The object of his affection: for producer Laurence Mark, filming 'The Object of My Affection' was a ten-year labor of love - Interview
Richard NataleFor producer Laurence Mark, filming The Object of My Affection was a ten-year labor of love
In 1987, producer and former studio executive Laurence Mark optioned Stephen McCauley's wry novel The Object of My Affection. It was long before anyone in Hollywood had even considered the possibility of a mainstream movie about the romantic attachment between a gay man and a straight woman. Mark convinced Pulitzer prize-winning playwright Wendy Wasserstein to write the script. And the two of them hung on for dear life as the project bounced from studio to studio--starting out and ending up at 20th Century Fox.
Along the way, says Mark, Wasserstein contributed several rewrites and endured some eyebrow-raising script notes from executives. Case in point: "Shouldn't the gay man and the straight woman get together in the end? I mean, after all, won't the audience be disappointed if they don't?" When Mark and Wasserstein pointed out that in real life gay men rarely change their stripes, it was even suggested that perhaps the protagonists should unite in a "fake arrangement" (a.k.a. a marriage of convenience). After all, the executives argued, "that happens in real life, doesn't it?"
Mark lets the irony of these statements hang in the air for a moment. What those studio executives saw as a risky enterprise was to Mark just another variation on a dramatic tradition. As far back as Shakespeare's Romeo and Juliet, the essence of great love stories has always involved the barriers erected between the lovers.
Lately, however, creating this kind of dramatic tension has become increasingly difficult. "There are no real obstacles to romance these days," says Mark. "Virginity, class, money, and all the other taboos no longer exist." But the barrier in Object--one partner is straight, and the other gay--was a valid and virtually unexplored dilemma. "For me, the story presented the most valid obstacle since Ghost," he says, adding, "a movie in which the obstacle was that the guy was dead."
Rather than compromise the story ("Wendy and I wanted the characters to be true to each other and to themselves," he notes), Mark played the waiting game. His ability to finesse difficult projects was developed during his days as an executive at Paramount Pictures, where he championed a little film called Terms of Endearment. He describes the balancing act of keeping harmony on a set that contained such volatile elements as a nervous first-time film director (James L. Brooks) and three rather formidable actors--Shirley MacLaine, Debra Winger, and Jack Nicholson--as "a major Henry Kissinger assignment." But when the film won the Oscar for Best Picture of 1983, Mark was being touted as a future studio head.
Incidentally, Mark adds, he was never in the closet in Hollywood, not even back in the '70s, when it was decidedly unfashionable to be out. And since his being gay was as organic to who he was as his love for movies, he says it neither propelled him forward nor held him back. "I never felt there was any drawback [to being out]. And I may be naive, but I don't think that anyone ever used it against me." How being a studio head might have impacted on that openness, we'll never know, simply because what Mark always wanted to do was to produce--ever since he was born in a trunk.

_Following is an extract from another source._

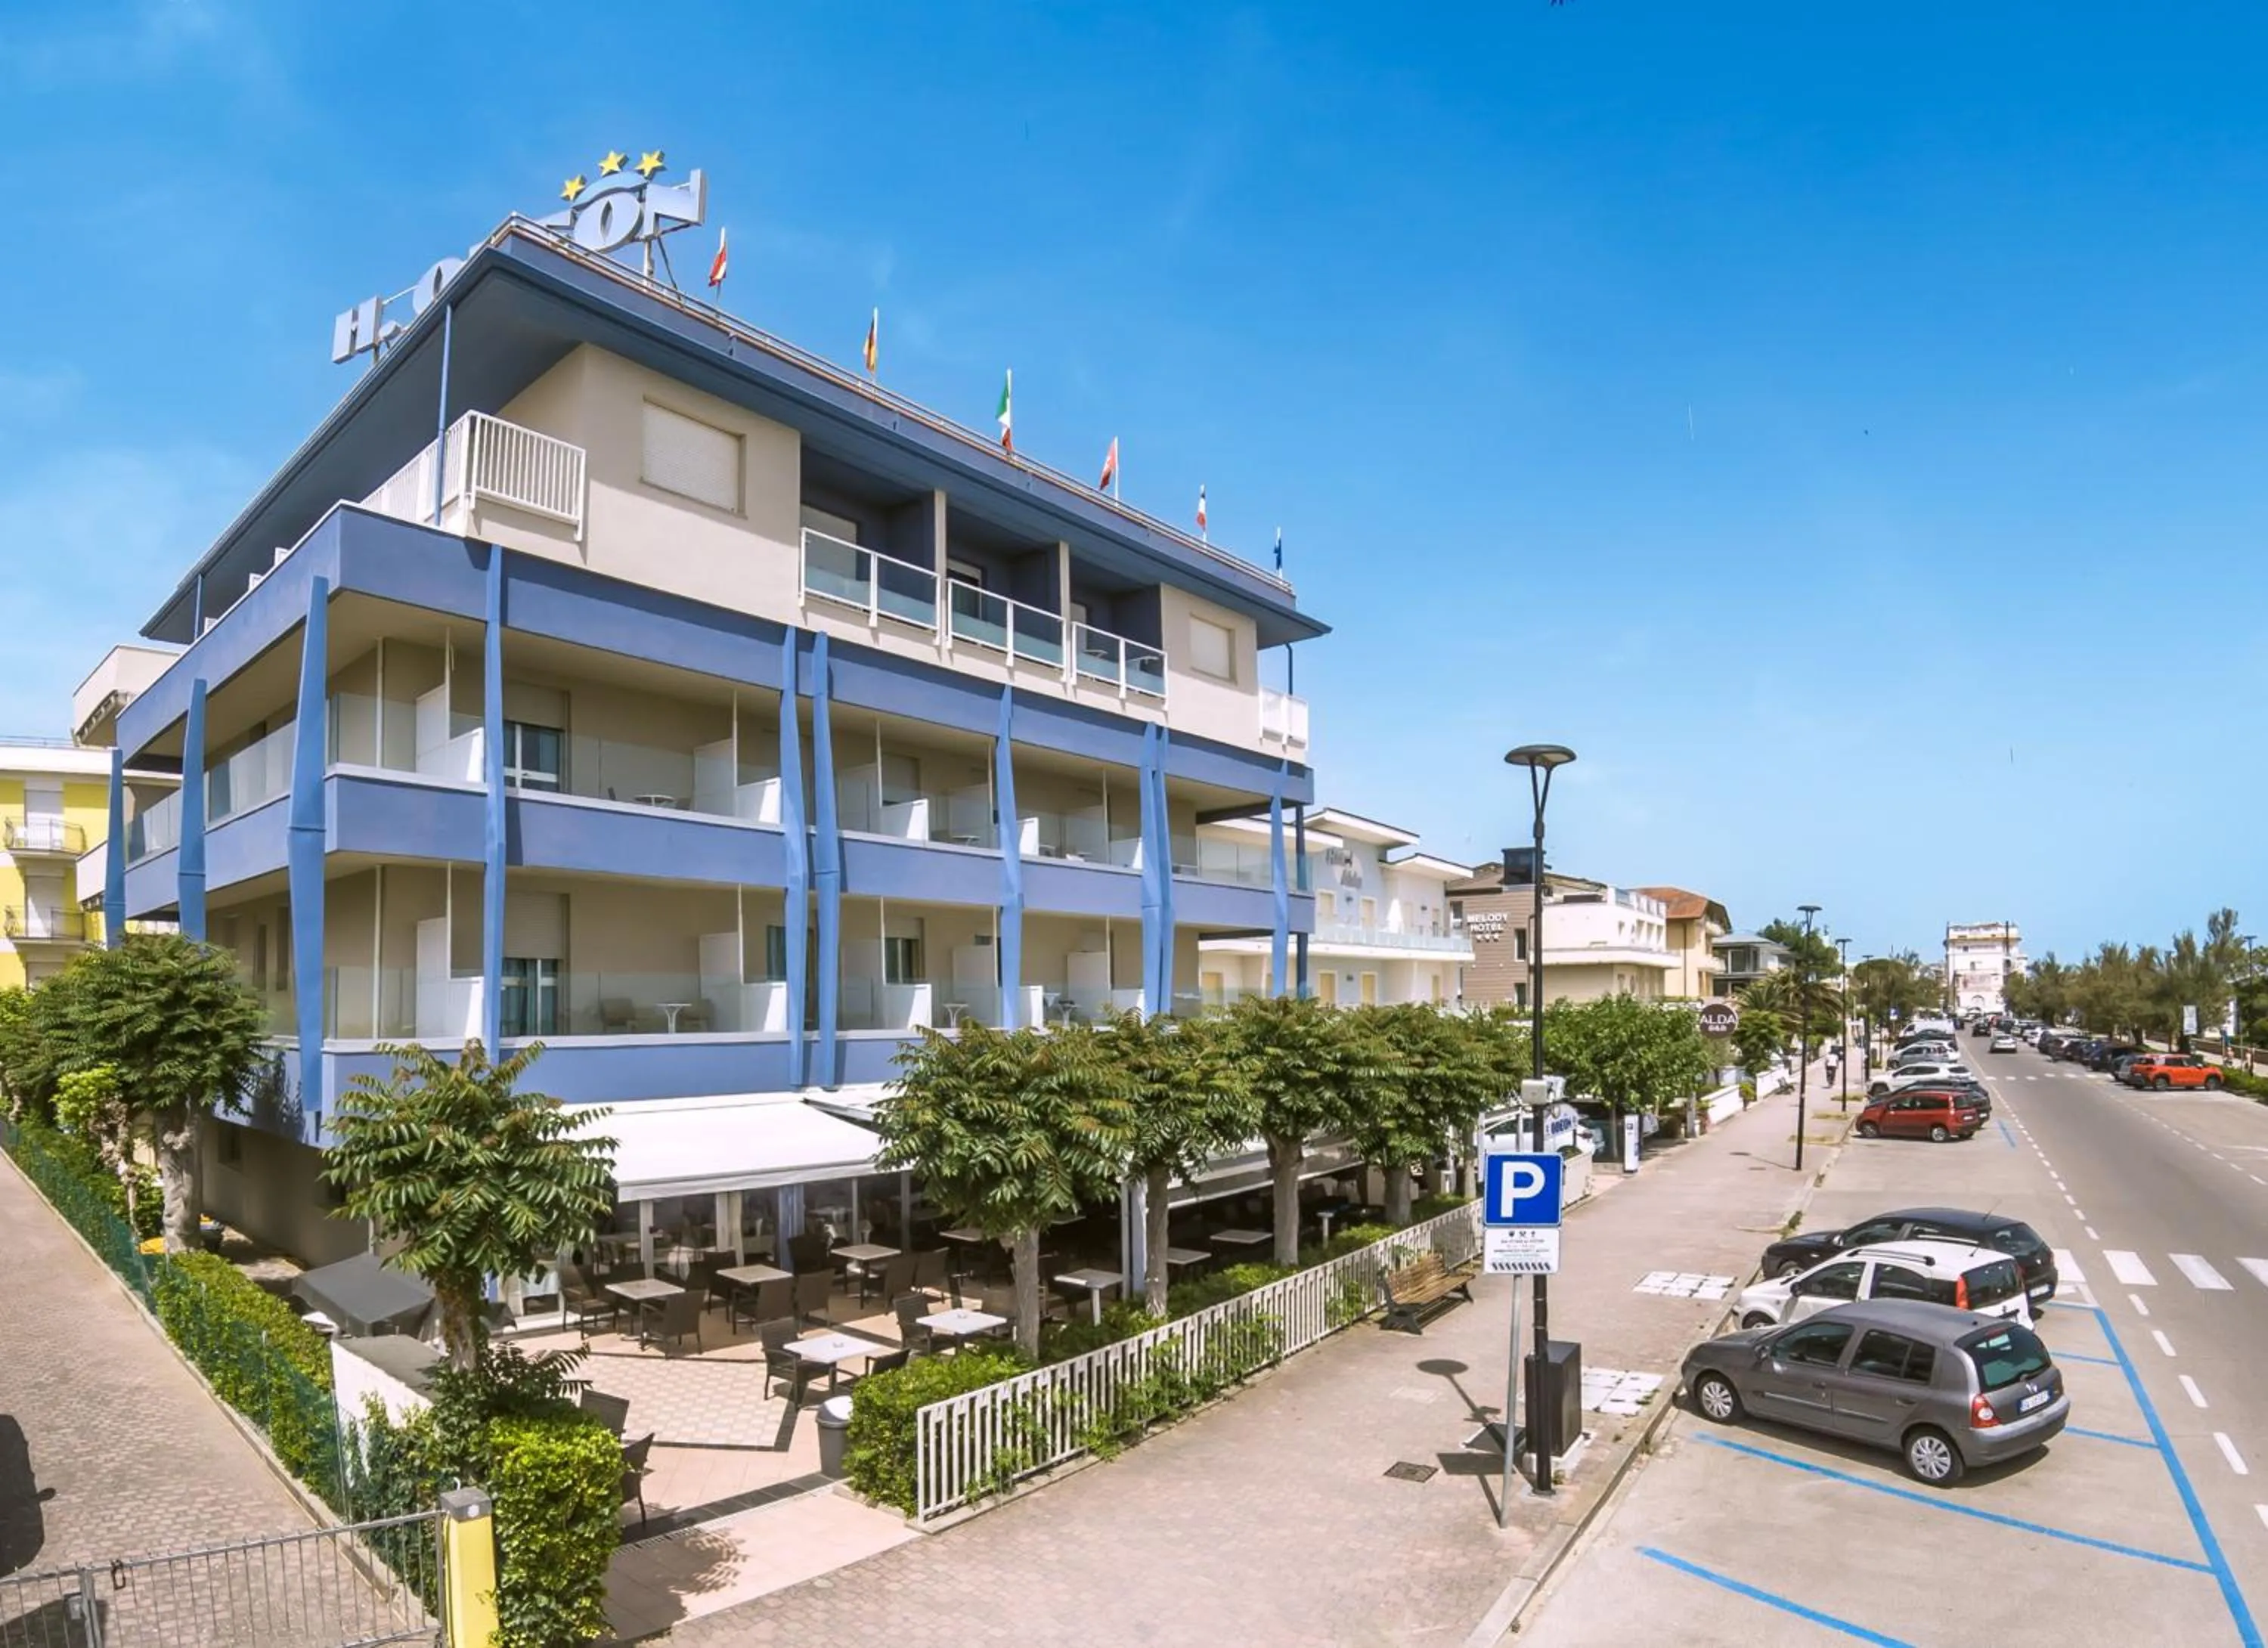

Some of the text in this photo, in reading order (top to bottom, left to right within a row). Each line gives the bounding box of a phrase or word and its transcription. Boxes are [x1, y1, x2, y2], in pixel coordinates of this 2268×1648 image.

[1467, 912, 1508, 922] MELODY
[1470, 923, 1504, 931] HOTEL
[1699, 1014, 1737, 1024] ALDA
[1501, 1161, 1546, 1218] P

"Well, not exactly a trunk," he adds. "But I was conceived in a dressing room in Atlantic City." The assignation between his mother, singer Marion Carter, and her agent-husband produced their only child, Laurence, who was raised on Manhattan's snazzy Sutton Place before prepping at Hotchkiss in Connecticut and attending Wesleyan and New York University graduate school (he has a master's in film).

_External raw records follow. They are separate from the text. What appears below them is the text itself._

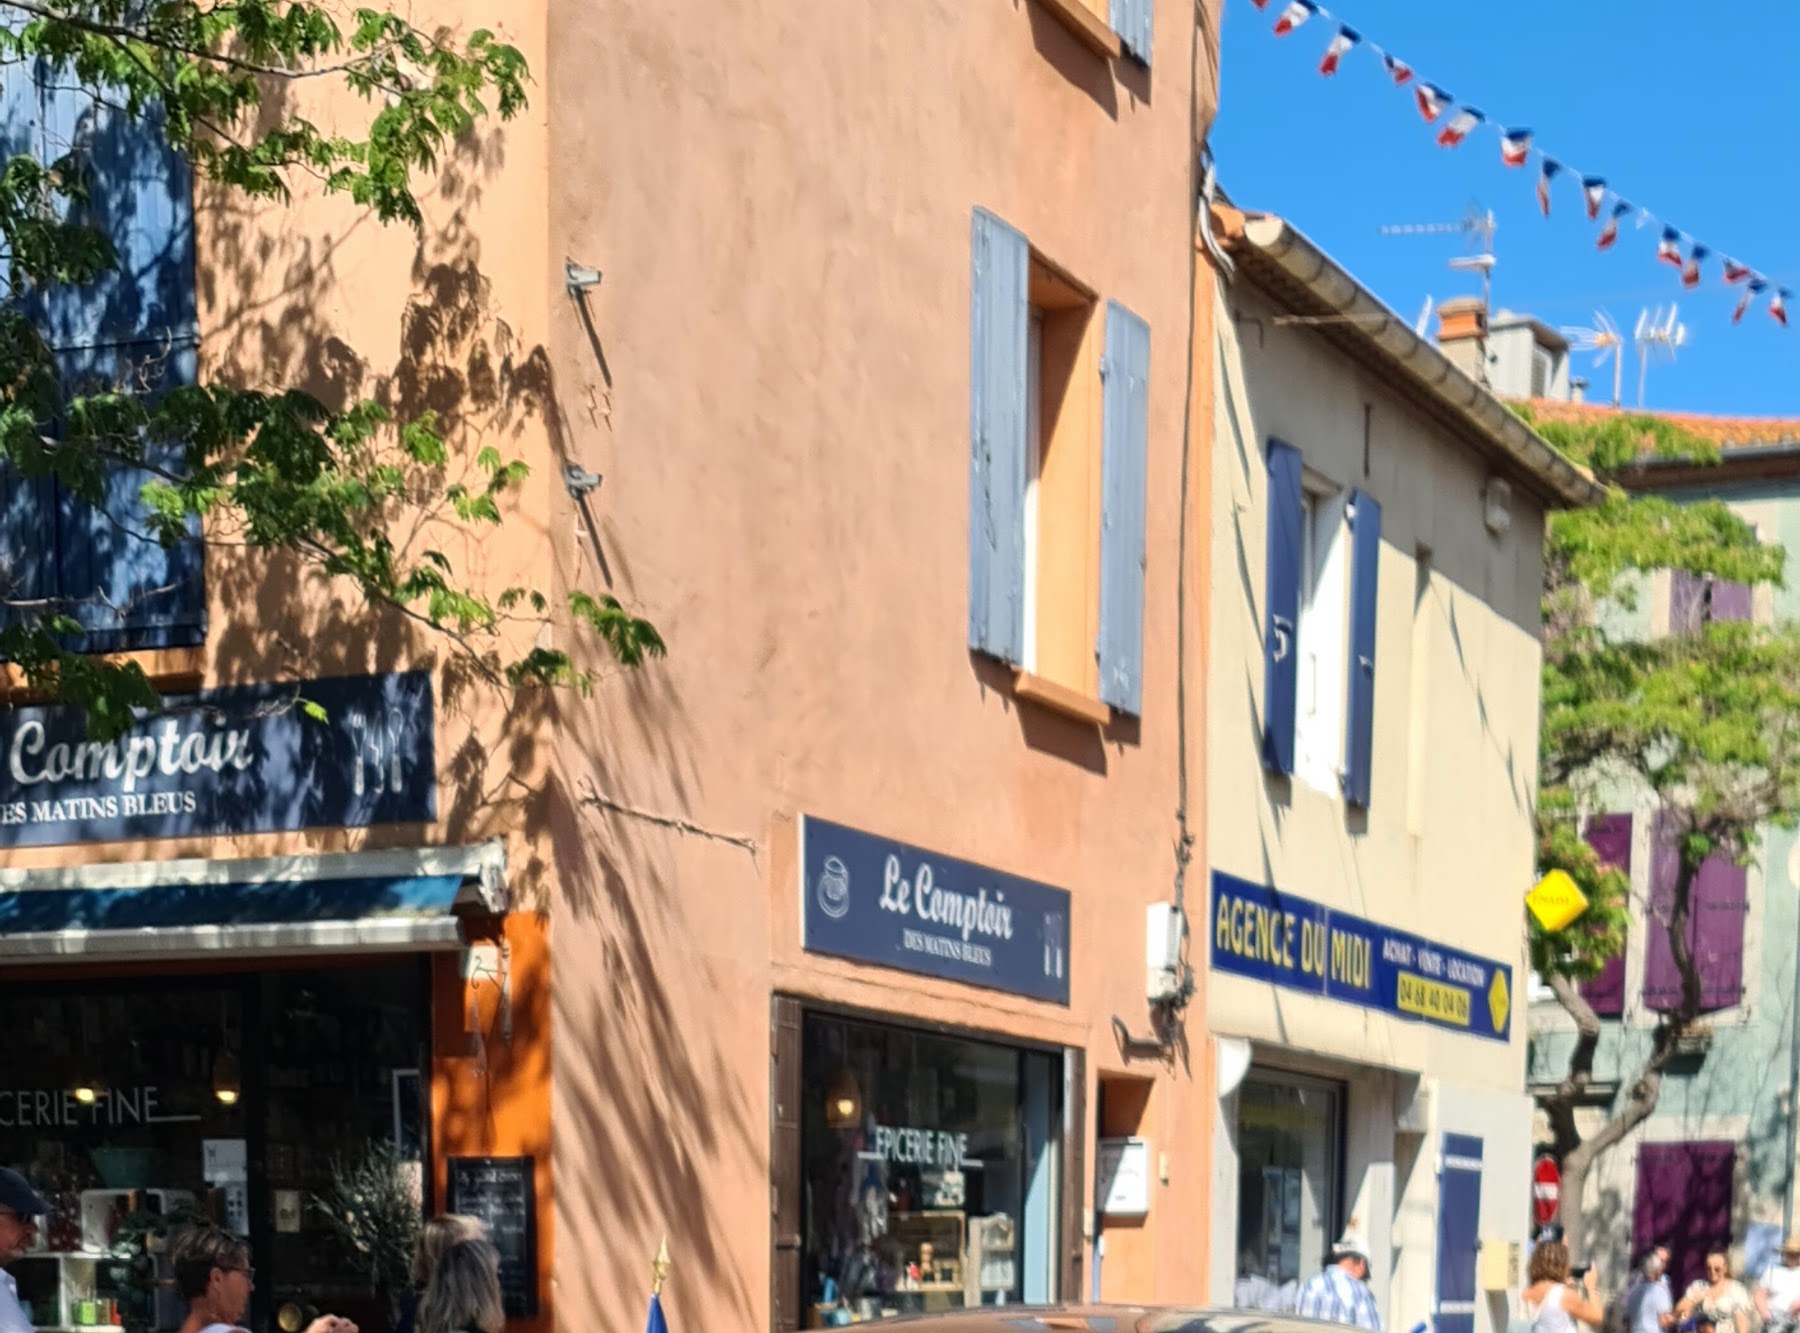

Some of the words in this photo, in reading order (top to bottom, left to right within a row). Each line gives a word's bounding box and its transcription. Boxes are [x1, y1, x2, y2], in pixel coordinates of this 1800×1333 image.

[9, 716, 254, 792] Comptoir
[32, 795, 118, 823] MATINS
[123, 791, 196, 817] BLEUS
[879, 853, 911, 914] Le
[914, 863, 1013, 942] Comptoir
[903, 928, 924, 951] DES
[924, 933, 961, 960] MATINS
[962, 942, 992, 967] BLEUS
[1216, 893, 1296, 969] AGENCE
[1301, 917, 1326, 977] DU
[1331, 928, 1372, 990] MIDI
[1382, 937, 1411, 966] ACHAT
[1446, 956, 1485, 988] LOCATION
[91, 1086, 159, 1124] FINE
[875, 1125, 934, 1163] EPICERIE
[937, 1130, 968, 1166] FINE

"From the start it was always the theater or movies," says the "40-ish" Mark of his career destiny. And he's managed to do both. His musical theater debut was 1996's Big, a Broadway musical version of the hit film that opened against Rent and Bring In 'da Noise, Bring In 'da Funk--and closed soon thereafter.
If nothing else, Big taught Mark a thing or two about timing. Having unsuccessfully pushed The Object of My Affection around Hollywood for almost a decade, he sensed that its time had come. Other studios were financing major films with gay characters--In & Out at Paramount, My Best Friend's Wedding at TriStar. Mark himself was executive-producing James Brooks's Oscar-nominated As Good As It Gets, in which one of the three lead characters, played by Greg Kinnear--who is up for Best Supporting Actor--is gay.
Mark says that Brooks used him as a touchstone when developing Kinnear's character. "I believed so strongly in the presentation of that character as not being from the La Cage aux Folles school," he says. That attention to realism in the portrayal of gay characters is just as evident in The Object of My Affection. In fact, the film's greatest accomplishment may not be its creation of a believable love story between a gay man and a straight woman but rather its presentation of the notion of a harmonious extended family. The film's lead characters have friends, families, ex-lovers--all of whom find a way to respect each other.
"I think these Norman Rockwell--type families exist less and less in the real world," says Mark. "Everyone is re-creating that concept in way that works for them. This movie has family values, it's just a different sort of family--one that is there by choice rather than obligation."